Multimodal

Vision Language Models (VLM)

Bridging the gap between sight and language: How models like GPT-4V and LLaVA understand and reason about images.

Seeing is Believing

Vision Language Models (VLMs) combine a vision encoder (like ViT) with a language model (LLM) to perform tasks that require understanding both modalities. They can analyze photos, read charts, solve math problems from screenshots, and caption complex scenes.

Architecture: The Projector

The magic of a VLM lies in how it connects image data to text data. This is done via a Multimodal Projector.
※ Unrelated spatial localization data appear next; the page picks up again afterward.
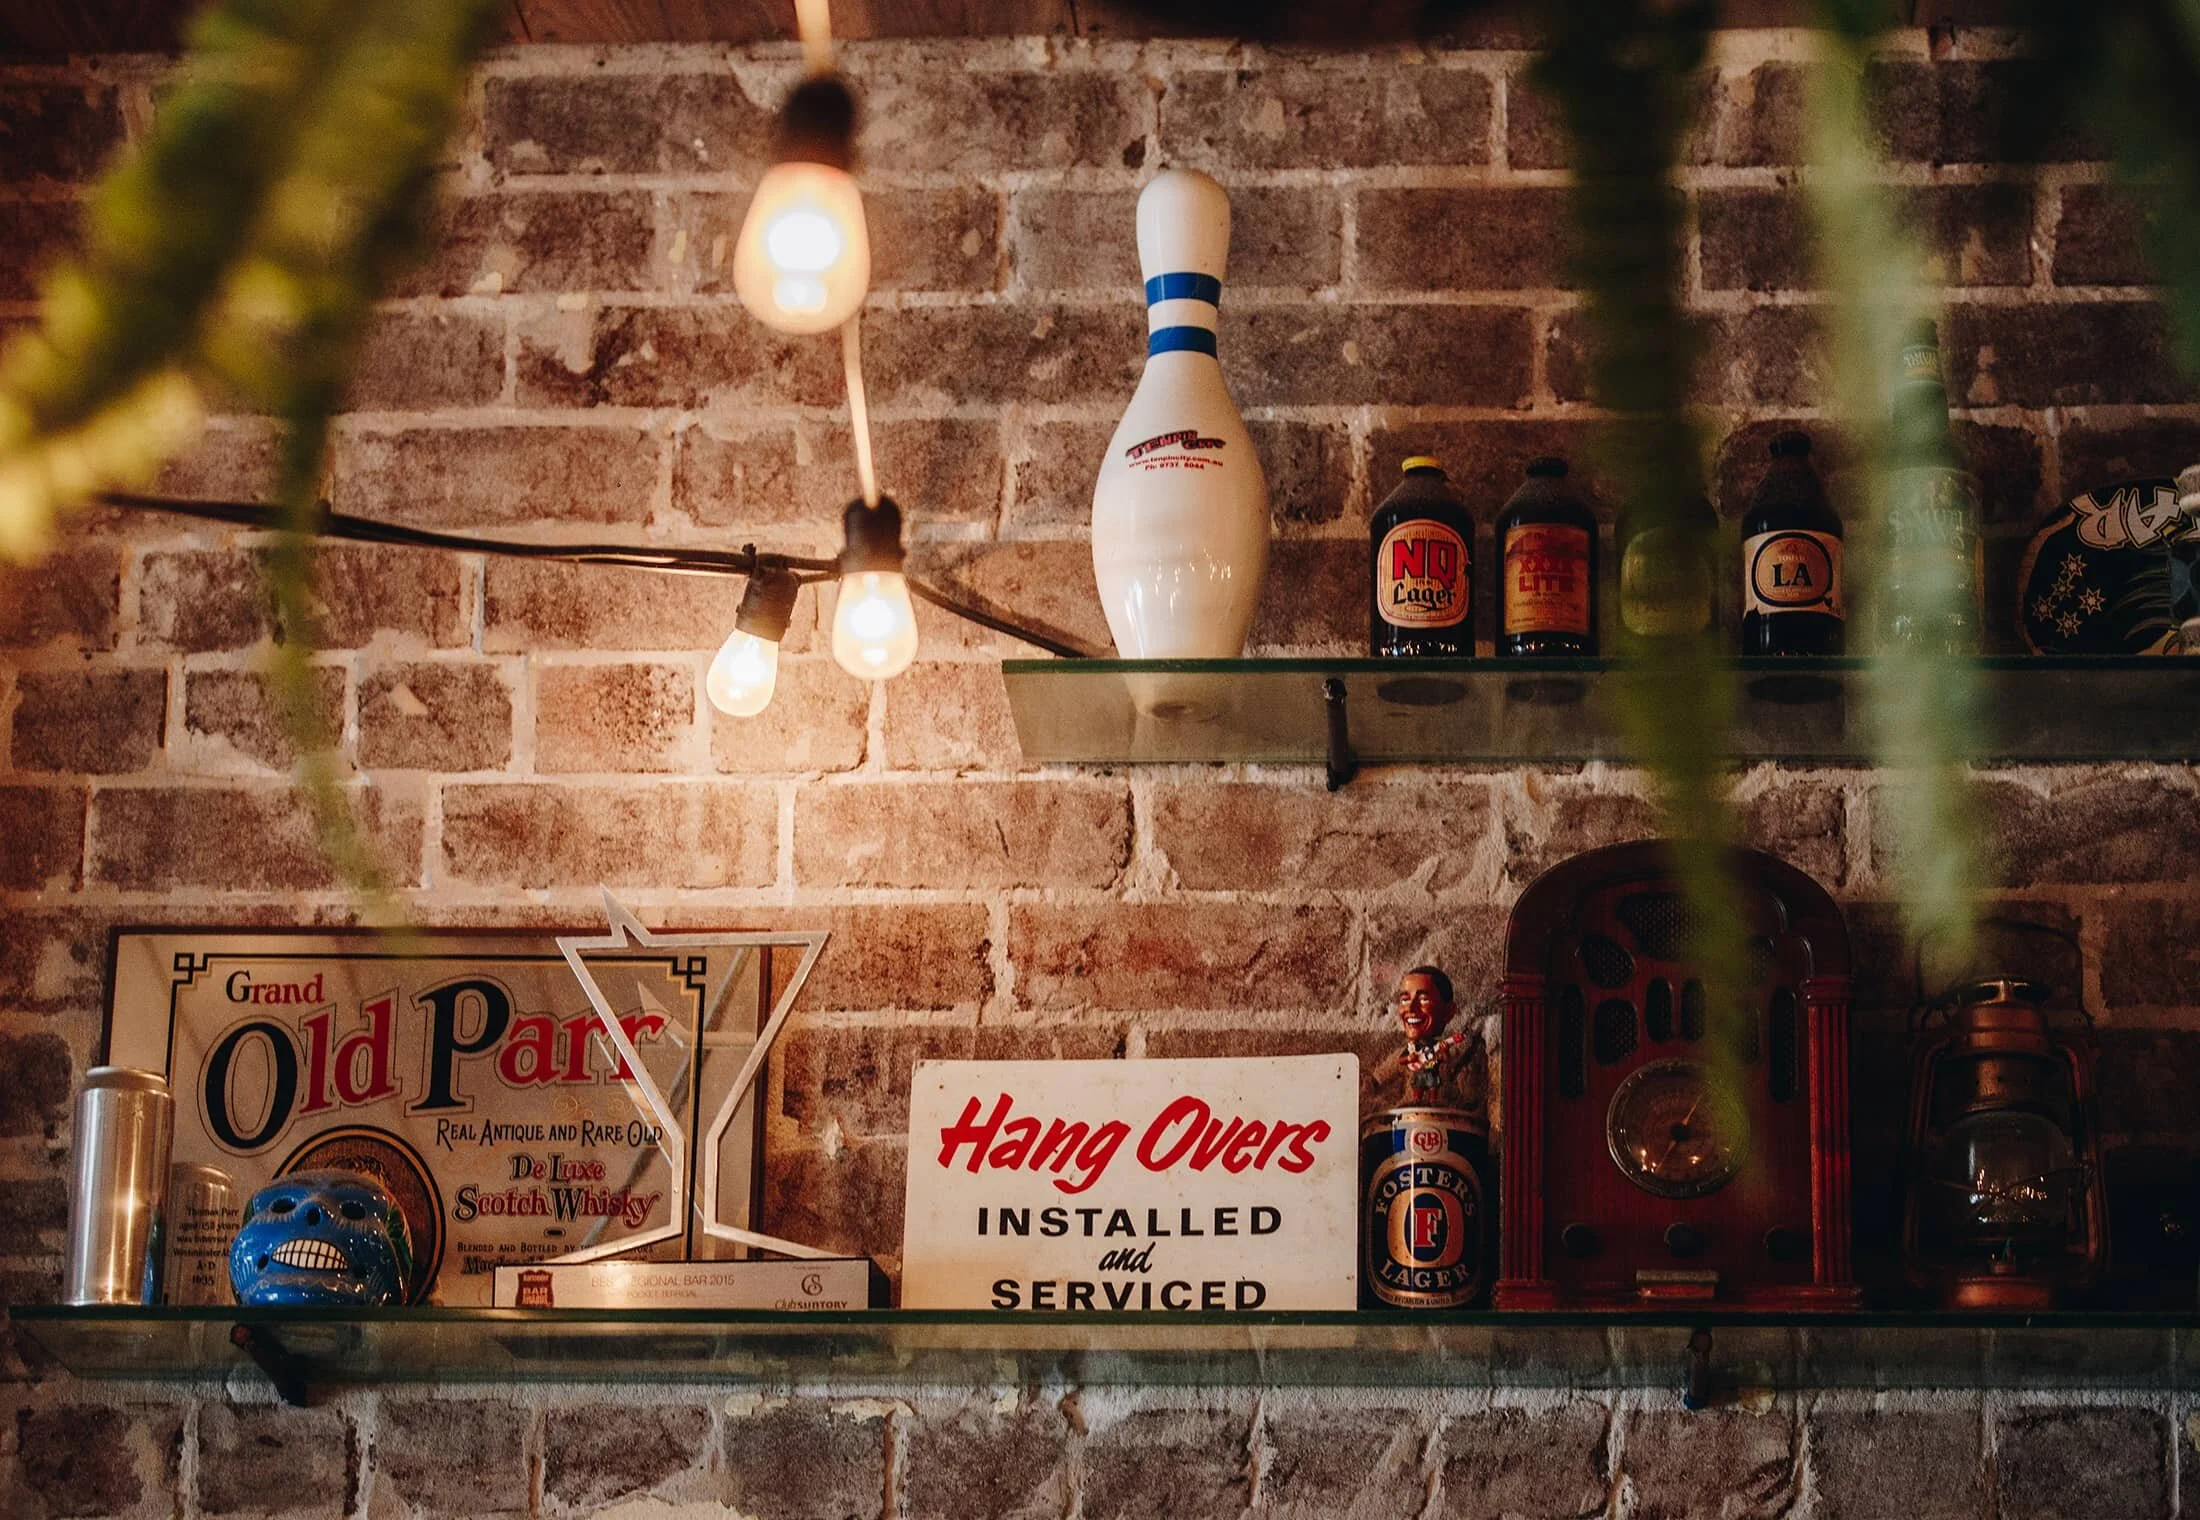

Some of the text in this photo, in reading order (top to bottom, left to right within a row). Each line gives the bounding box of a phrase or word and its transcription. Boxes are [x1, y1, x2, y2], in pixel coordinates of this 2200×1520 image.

[1392, 538, 1457, 589] NQ
[1771, 562, 1813, 587] LA
[1392, 582, 1457, 610] Lager
[225, 969, 325, 1005] Grand
[200, 977, 669, 1152] Old Parr
[436, 1118, 663, 1151] REAL ANTIQUE AND RARE OLD
[937, 1092, 1331, 1195] Hang Overs
[509, 1152, 606, 1183] De Luxe
[452, 1183, 662, 1228] Scotch Whisky
[977, 1206, 1282, 1237] INSTALLED
[1413, 1207, 1443, 1248] F
[1098, 1241, 1156, 1273] and
[1379, 1257, 1471, 1289] LAGER
[623, 1275, 678, 1287] EGIONAL
[683, 1274, 707, 1287] BAR
[991, 1278, 1267, 1311] SERVICED
  • Vision Encoder: (e.g., CLIP-ViT) Breaks the image into patches and converts them into embeddings.
  • Projector (Adapter): A simple neural layer (Linear or MLP) that translates these "image embeddings" into "token embeddings" that the LLM understands.
  • Language Model: The LLM treats these translated image tokens just like text words, allowing it to "read" the image.
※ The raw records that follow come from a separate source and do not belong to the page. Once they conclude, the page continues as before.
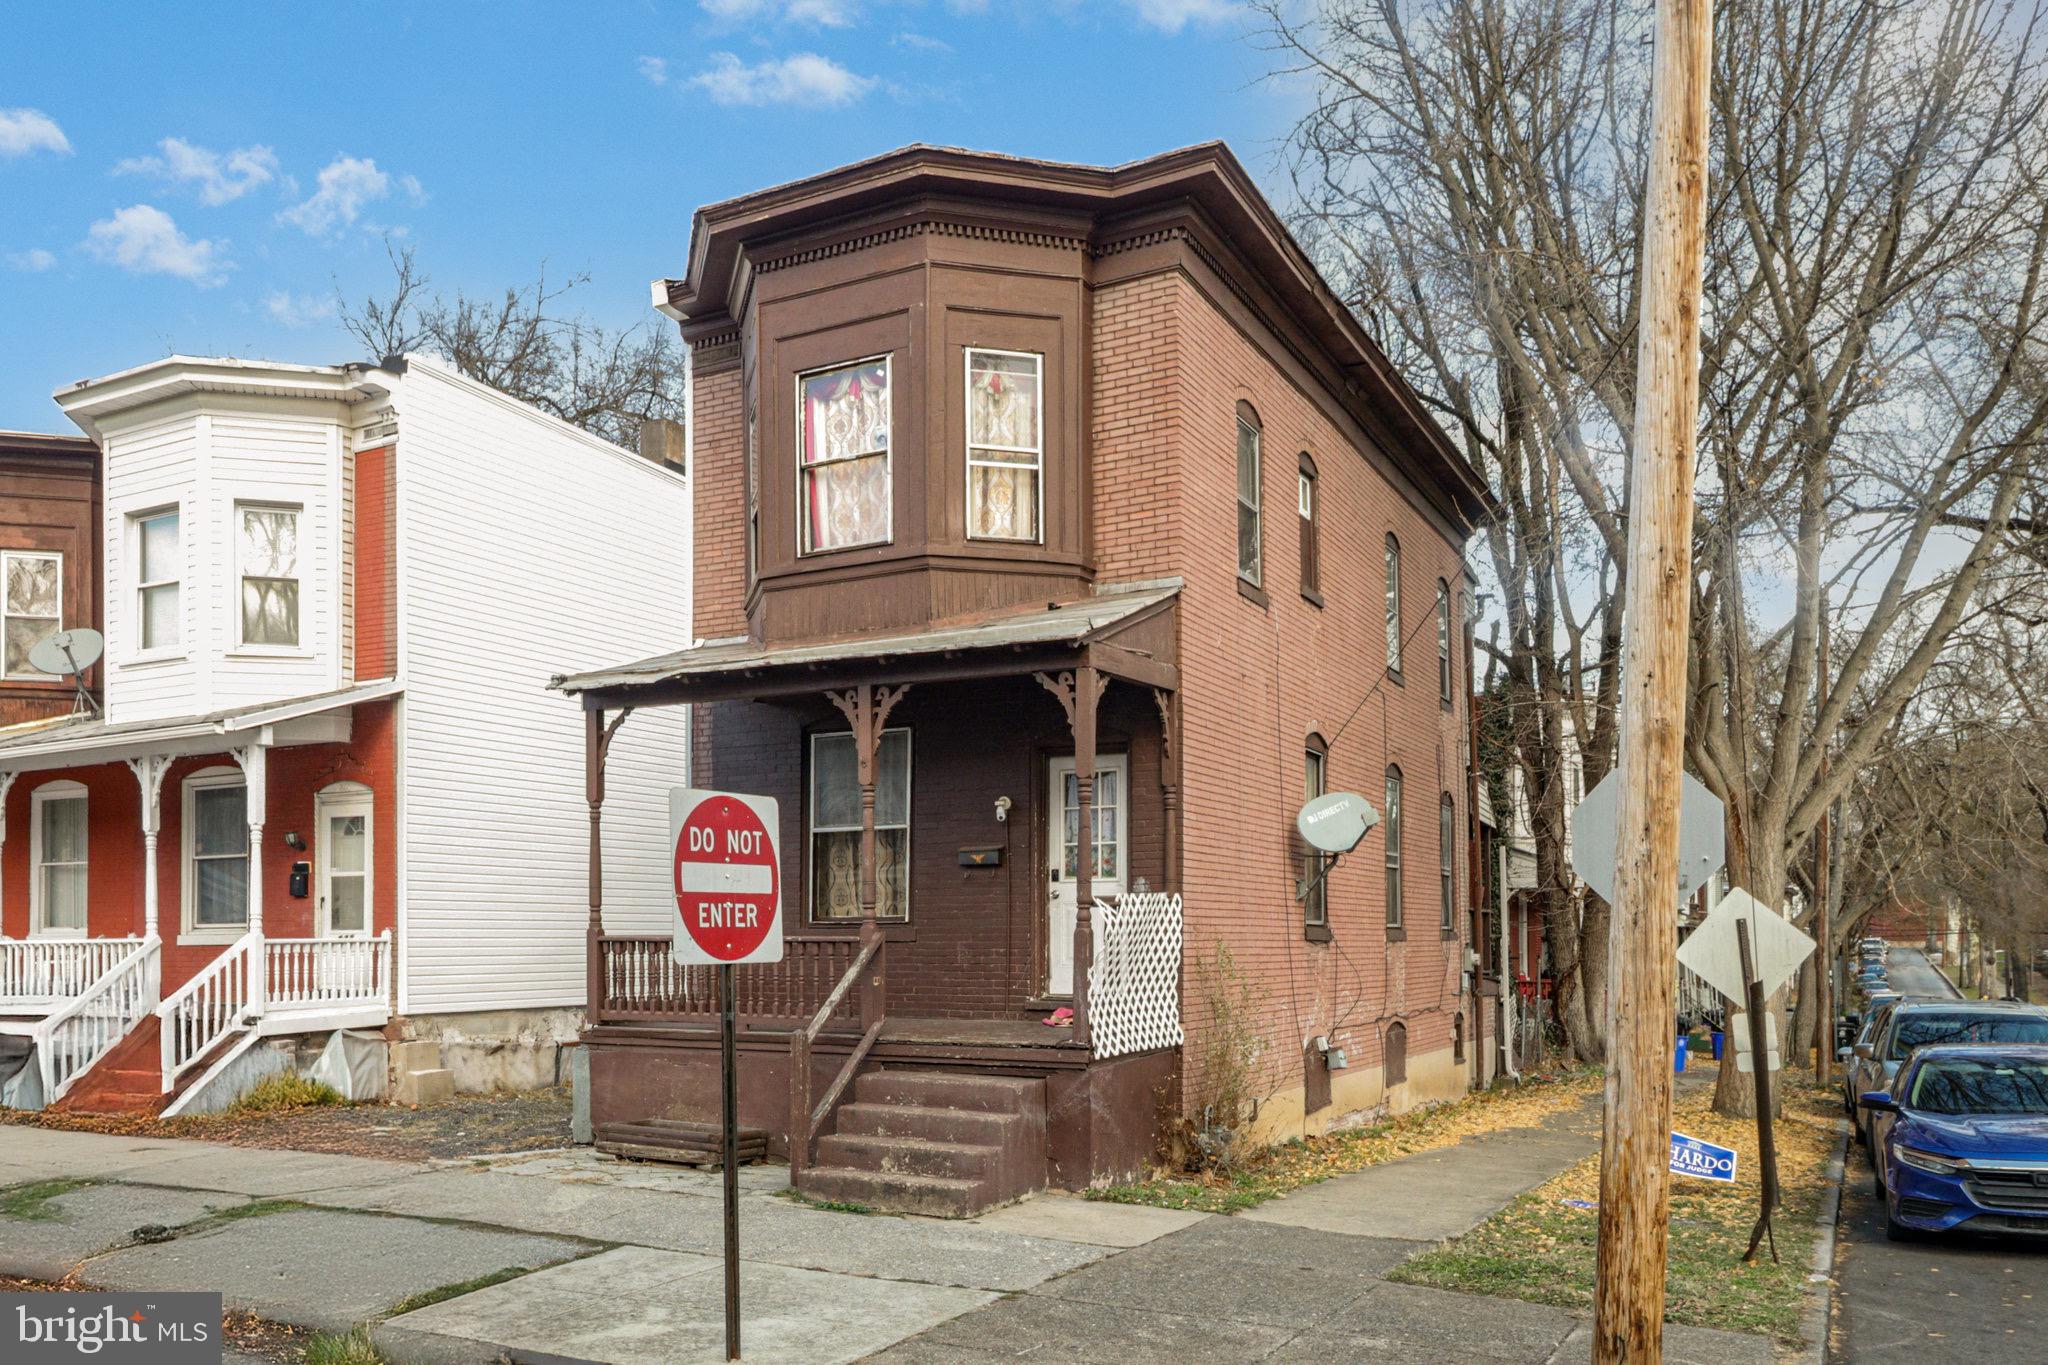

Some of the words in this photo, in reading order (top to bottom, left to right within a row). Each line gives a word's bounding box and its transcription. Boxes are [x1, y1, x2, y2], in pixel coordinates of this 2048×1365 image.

[1317, 800, 1349, 820] DIRECTV
[689, 826, 715, 853] DO
[727, 829, 762, 855] NOT
[698, 902, 758, 928] ENTER
[1686, 1164, 1713, 1174] JUDGE
LLaVA: Large Language and Vision Assistant

LLaVA is the leading open-source architecture for VLMs. It connects a CLIP vision encoder to Llama/Vicuna using a simple projection layer, trained on visual instruction data.

Implementation: Running a VLM

Using the transformers library to perform Visual Question Answering (VQA) with LLaVA:

from transformers import LlavaNextProcessor, LlavaNextForConditionalGeneration
import torch
from PIL import Image
import requests

# 1. Load Model
model_id = "llava-hf/llava-v1.6-mistral-7b-hf"
processor = LlavaNextProcessor.from_pretrained(model_id)
model = LlavaNextForConditionalGeneration.from_pretrained(
    model_id, 
    torch_dtype=torch.float16, 
    low_cpu_mem_usage=True
) 
model.to("cuda")

# 2. Load Image
url = "https://github.com/haotian-liu/LLaVA/blob/main/images/view.jpg?raw=true"
image = Image.open(requests.get(url, stream=True).raw)

# 3. Prompt the Model
prompt = "[INST] \nWhat is shown in this image and what time of day is it? [/INST]"
inputs = processor(prompt, image, return_tensors="pt").to("cuda")

# 4. Generate Response
output = model.generate(**inputs, max_new_tokens=100)
print(processor.decode(output[0], skip_special_tokens=True))

Capabilities & Limitations

OCR & Reasoning

Can read text in images and perform math or coding tasks based on it.

Spatial Hallucination

VLMs often struggle with precise counting or identifying exact spatial coordinates (left/right) of objects.